§ Task goal: Starting at the line with "Some of the text" and going on through the line with "this 2558×730 image.", reproduce each line in the records below exactly and nothing more.

§ Input:
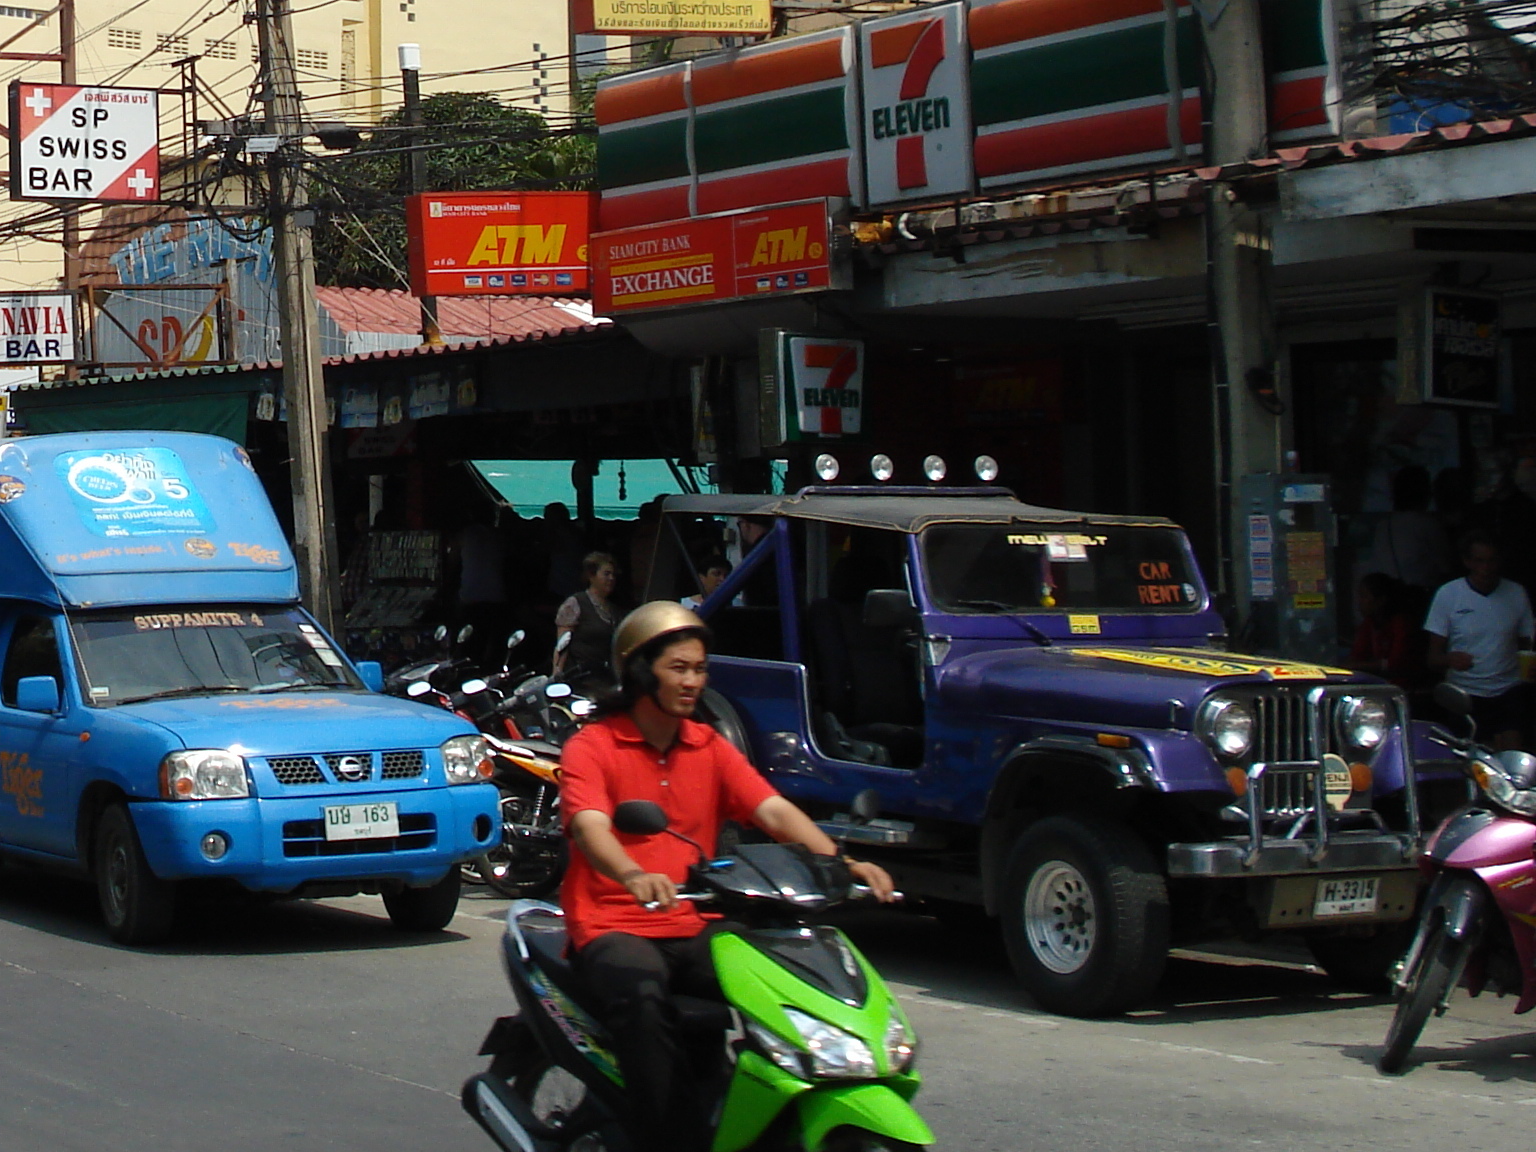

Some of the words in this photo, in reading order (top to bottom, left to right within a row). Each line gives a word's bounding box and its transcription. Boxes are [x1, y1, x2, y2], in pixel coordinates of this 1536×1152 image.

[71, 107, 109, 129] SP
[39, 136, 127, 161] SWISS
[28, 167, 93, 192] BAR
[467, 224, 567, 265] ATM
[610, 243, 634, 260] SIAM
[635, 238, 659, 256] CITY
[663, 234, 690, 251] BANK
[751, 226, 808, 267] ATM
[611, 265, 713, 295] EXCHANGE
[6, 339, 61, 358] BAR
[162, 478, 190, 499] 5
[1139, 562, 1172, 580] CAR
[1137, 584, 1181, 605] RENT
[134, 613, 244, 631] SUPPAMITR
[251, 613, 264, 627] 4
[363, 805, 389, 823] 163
...
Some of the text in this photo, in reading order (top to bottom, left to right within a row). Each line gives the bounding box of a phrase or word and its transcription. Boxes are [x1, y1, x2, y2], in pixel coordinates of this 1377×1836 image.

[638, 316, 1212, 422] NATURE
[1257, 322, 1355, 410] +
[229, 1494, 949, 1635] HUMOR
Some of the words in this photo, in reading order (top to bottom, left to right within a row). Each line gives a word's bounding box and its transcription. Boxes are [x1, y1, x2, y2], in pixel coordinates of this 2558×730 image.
...
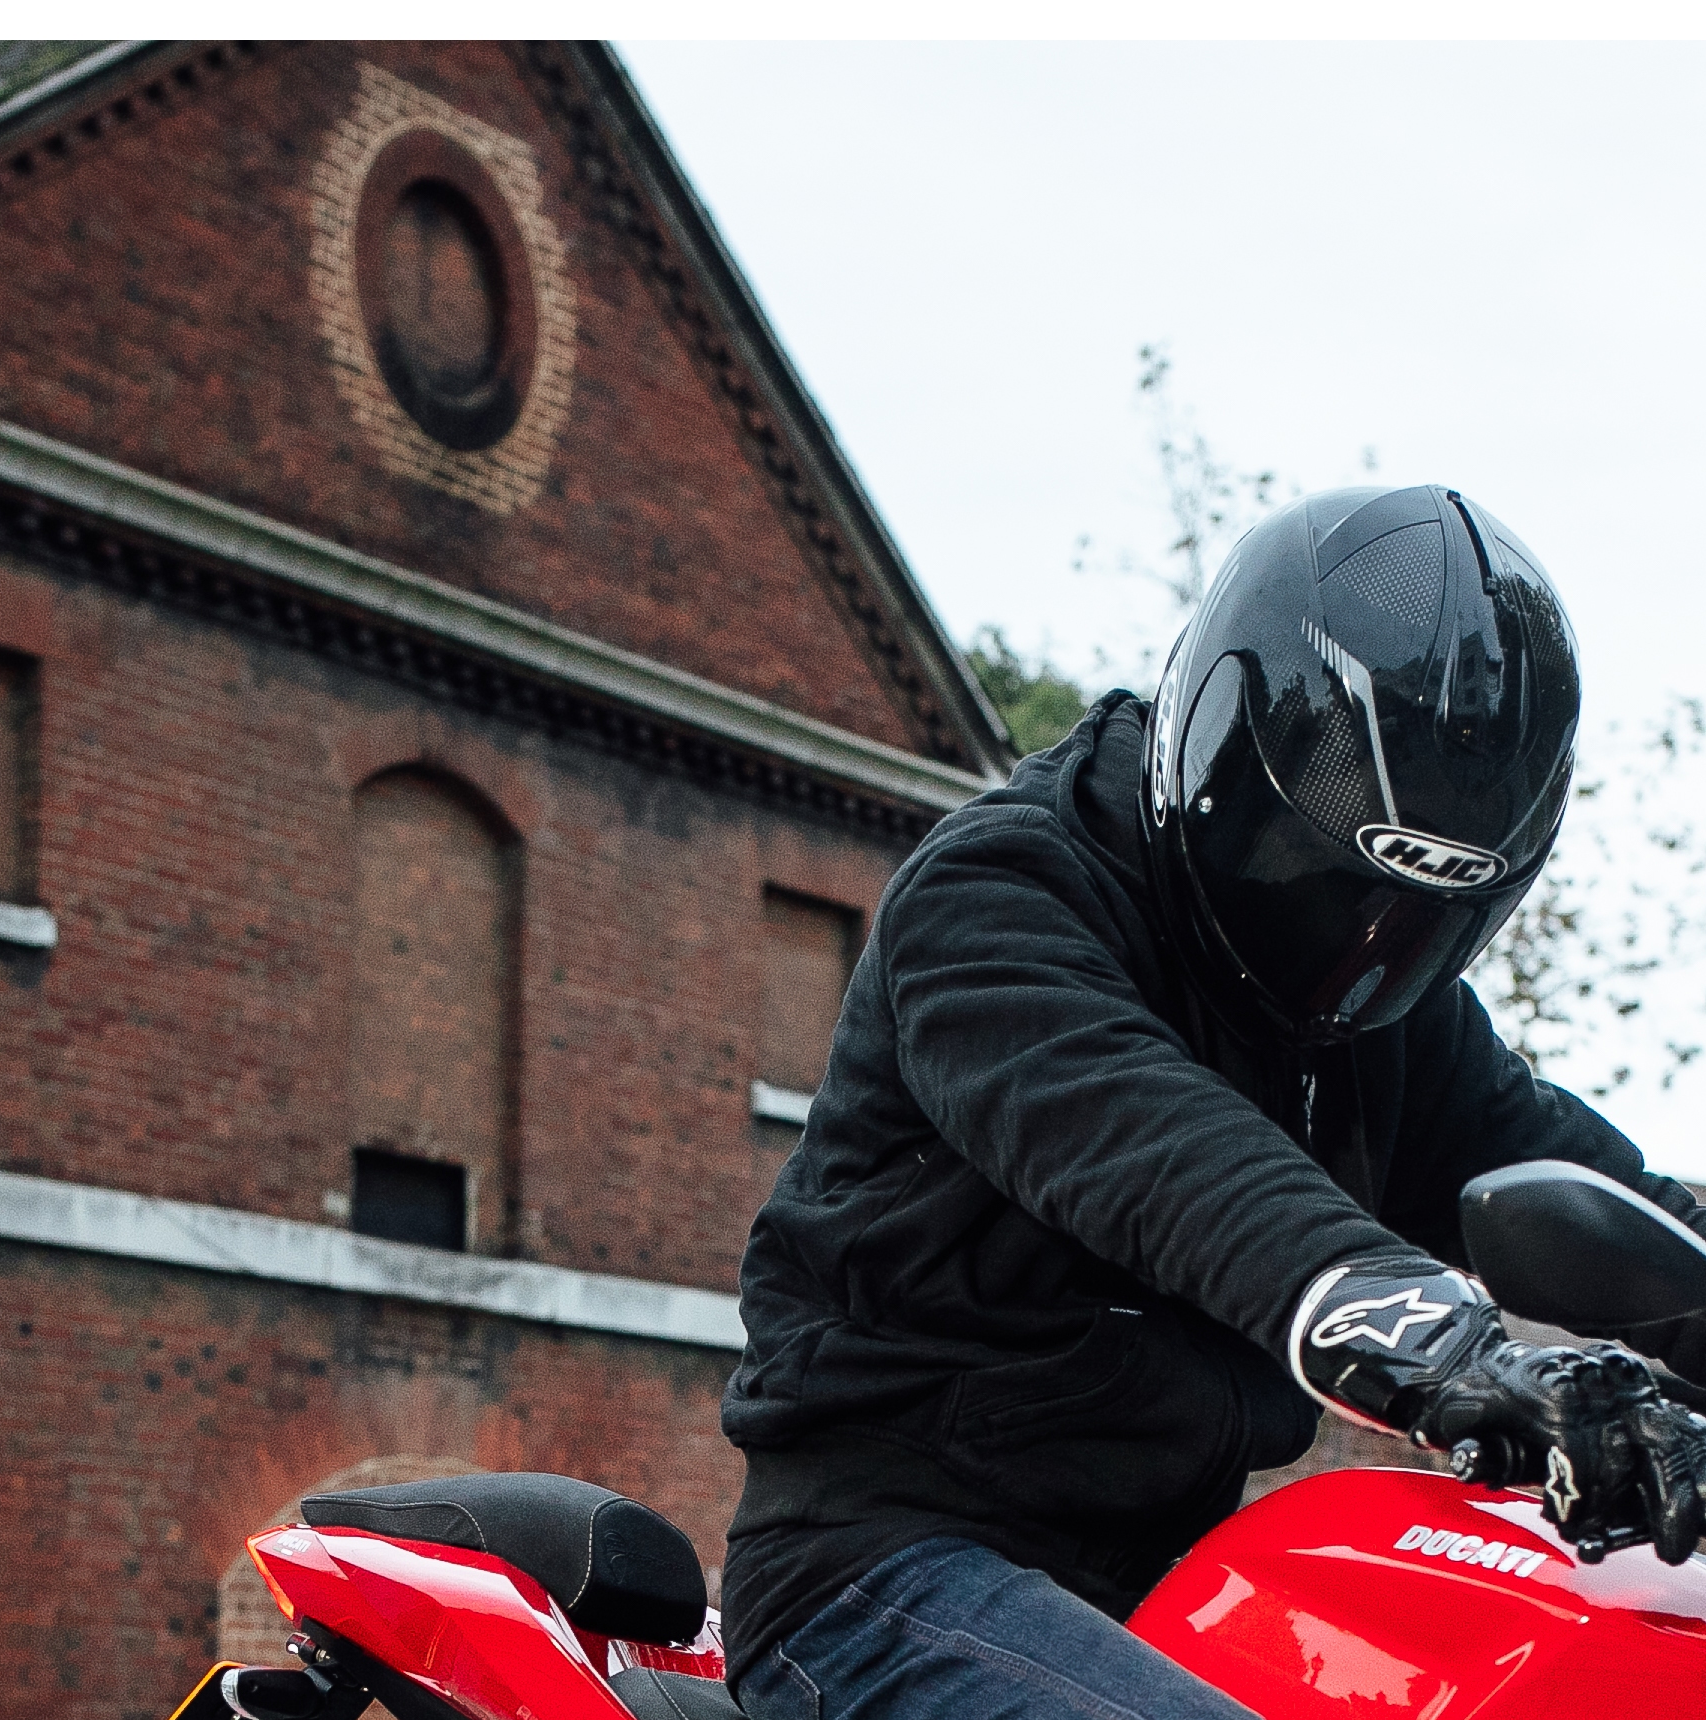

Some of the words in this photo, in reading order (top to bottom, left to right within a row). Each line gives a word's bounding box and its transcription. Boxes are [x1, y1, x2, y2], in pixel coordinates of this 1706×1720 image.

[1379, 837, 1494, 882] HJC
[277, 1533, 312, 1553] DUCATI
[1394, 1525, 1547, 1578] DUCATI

§ Answer below:
Some of the text in this photo, in reading order (top to bottom, left to right within a row). Each line gives the bounding box of a phrase or word and its transcription. Boxes are [x1, y1, x2, y2], in pixel coordinates of this 1377×1836 image.

[638, 316, 1212, 422] NATURE
[1257, 322, 1355, 410] +
[229, 1494, 949, 1635] HUMOR
Some of the words in this photo, in reading order (top to bottom, left to right within a row). Each line gives a word's bounding box and its transcription. Boxes are [x1, y1, x2, y2], in pixel coordinates of this 2558×730 image.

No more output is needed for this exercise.